The Truth About Women by Unknown

I wasn't a sexist before I understood women. There was a time when I was blissfully ignorant.

I grew up watching Disney cartoons, I believed in romance and "true love conquers all" etc. I wanted to find a woman who could be my equal, my partner. I believed in finding that one true love and being committed to each other forever. You know, like in the marriage vows, "for better or for worse, through sickness and in health, for richer or for poorer" etc. And I believed that women basically wanted the same thing. Now I understand that this was only possible when society was structured to enforce it. Now that women are "liberated" (and thus at the mercy of their own emotions and baser instincts) this is mostly no longer possible in today's society. Victorian society, or many Arab societies, are examples of how society used to be structured to keep women as faithful as possible.

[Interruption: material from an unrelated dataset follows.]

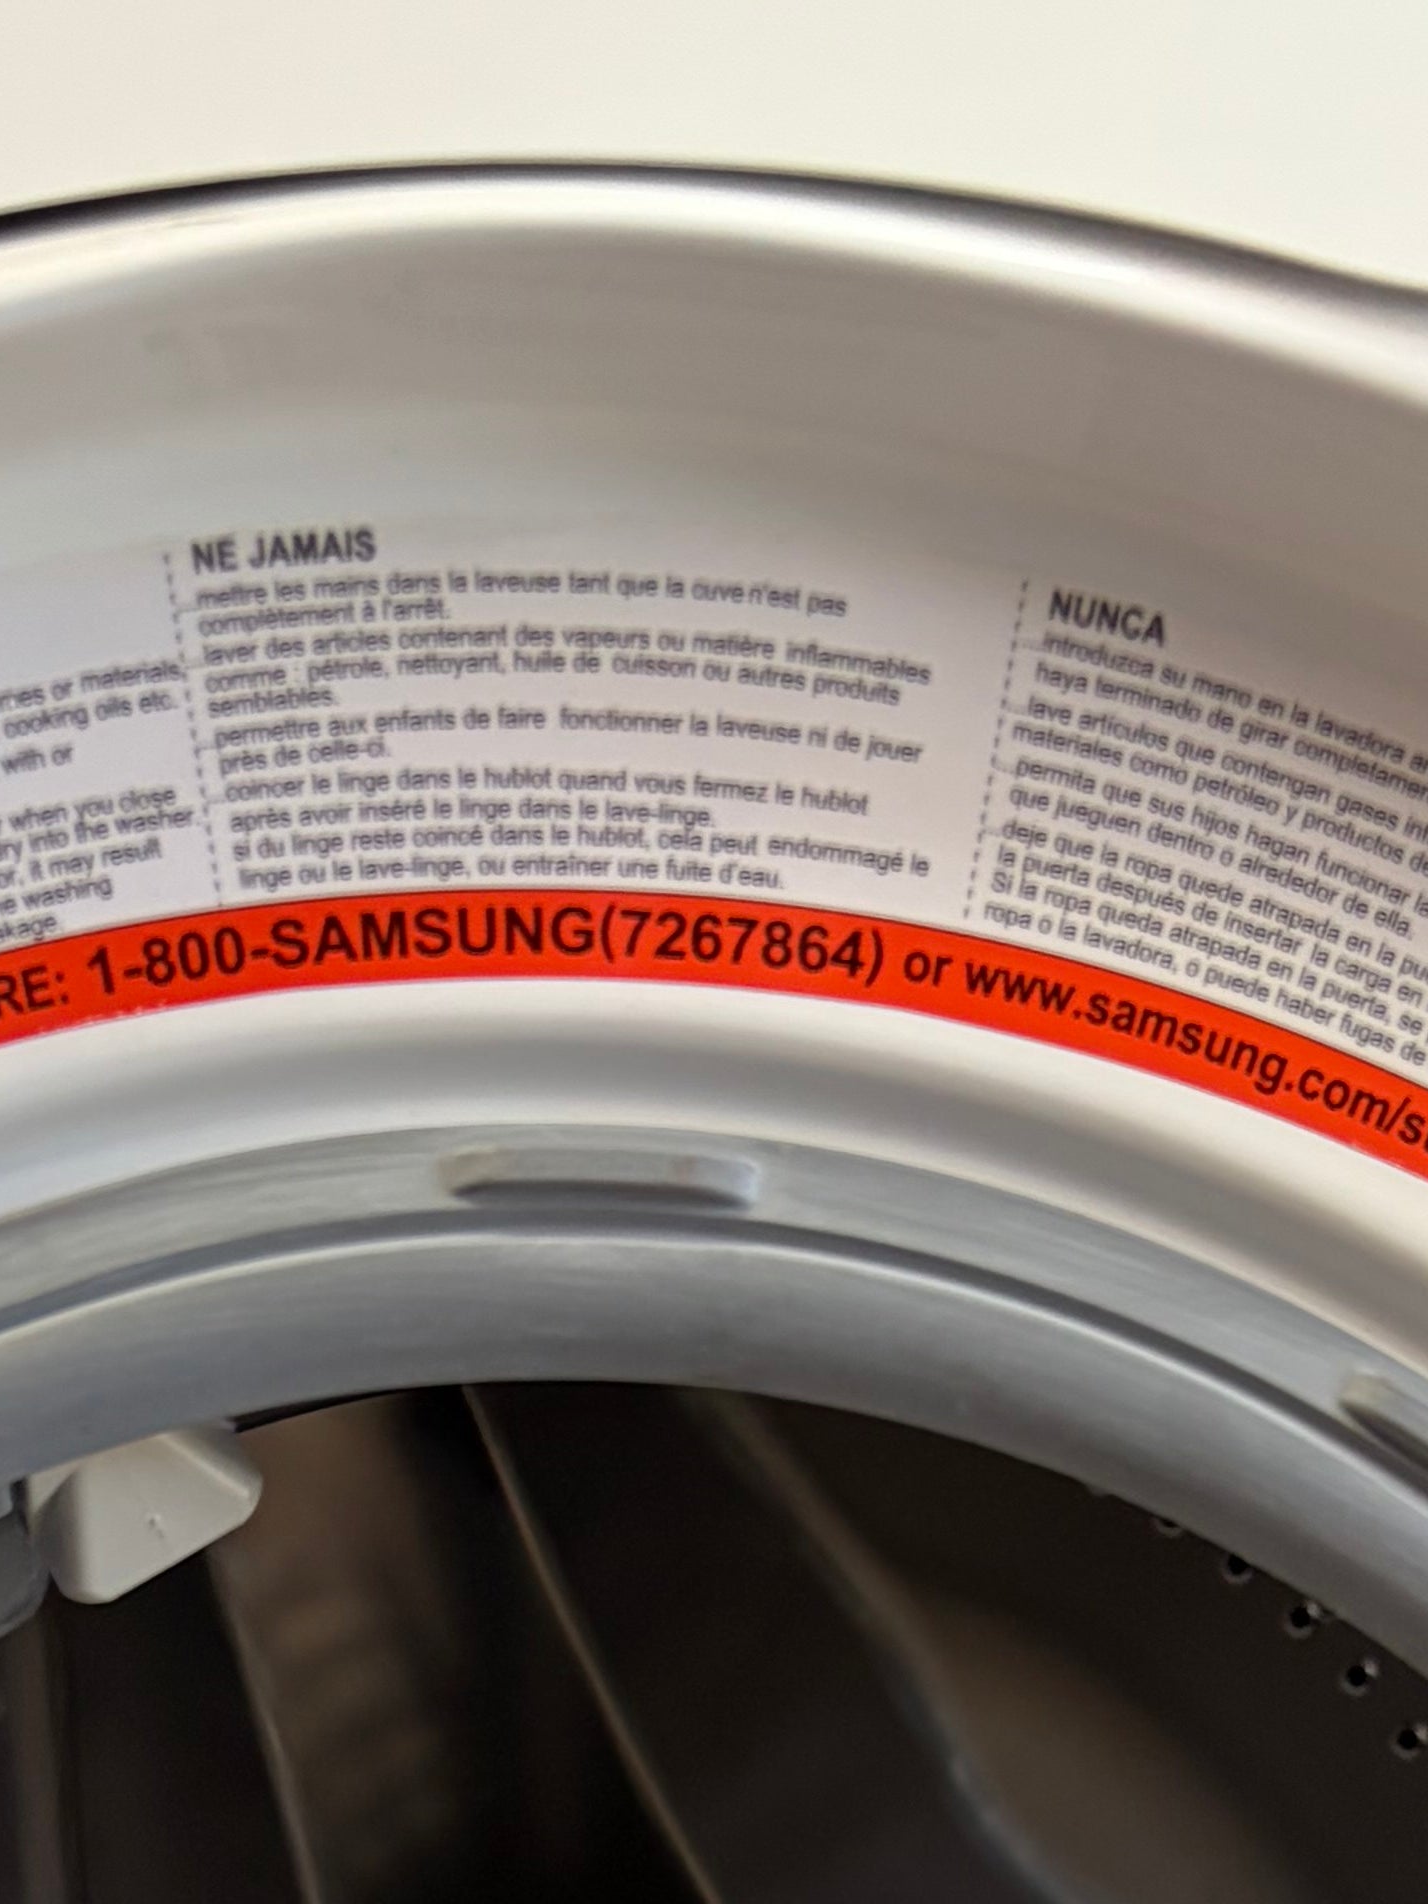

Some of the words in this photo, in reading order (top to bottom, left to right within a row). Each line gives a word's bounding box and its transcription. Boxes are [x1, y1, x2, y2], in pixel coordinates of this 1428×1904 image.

I'd like to point out that I am not a misogynist...I love women. But I AM a sexist, in the sense that I believe women are vastly different than men and, according to the standards that men hold for other men, women are inferior as well.

I must be a bitter loser, right? In fact, I enjoy more success with women than most of the men in this city. I have slept with over 200 women in my life. I am sleeping with 5 different women right now. They are all normal, healthy, well-adjusted, good-looking (8+ on the looks scale) professional women. (At least as normal and healthy and well-adjusted as women can be - most women have issues.) But that's not all. I can go out any night of the week and pick up a woman. I can pick her up in front of all her friends (with 80% efficiency for each approach.) Women will slip me their phone number when their boyfriend is in the bathroom. I can talk to women on the street or in the grocery store and within 30 minutes, I can usually have sex with them right there in my car or get them back to my place. If I have to settle for a phone number, and I meet her on another day, assuming she doesn't flake, I WILL fuck her that next day.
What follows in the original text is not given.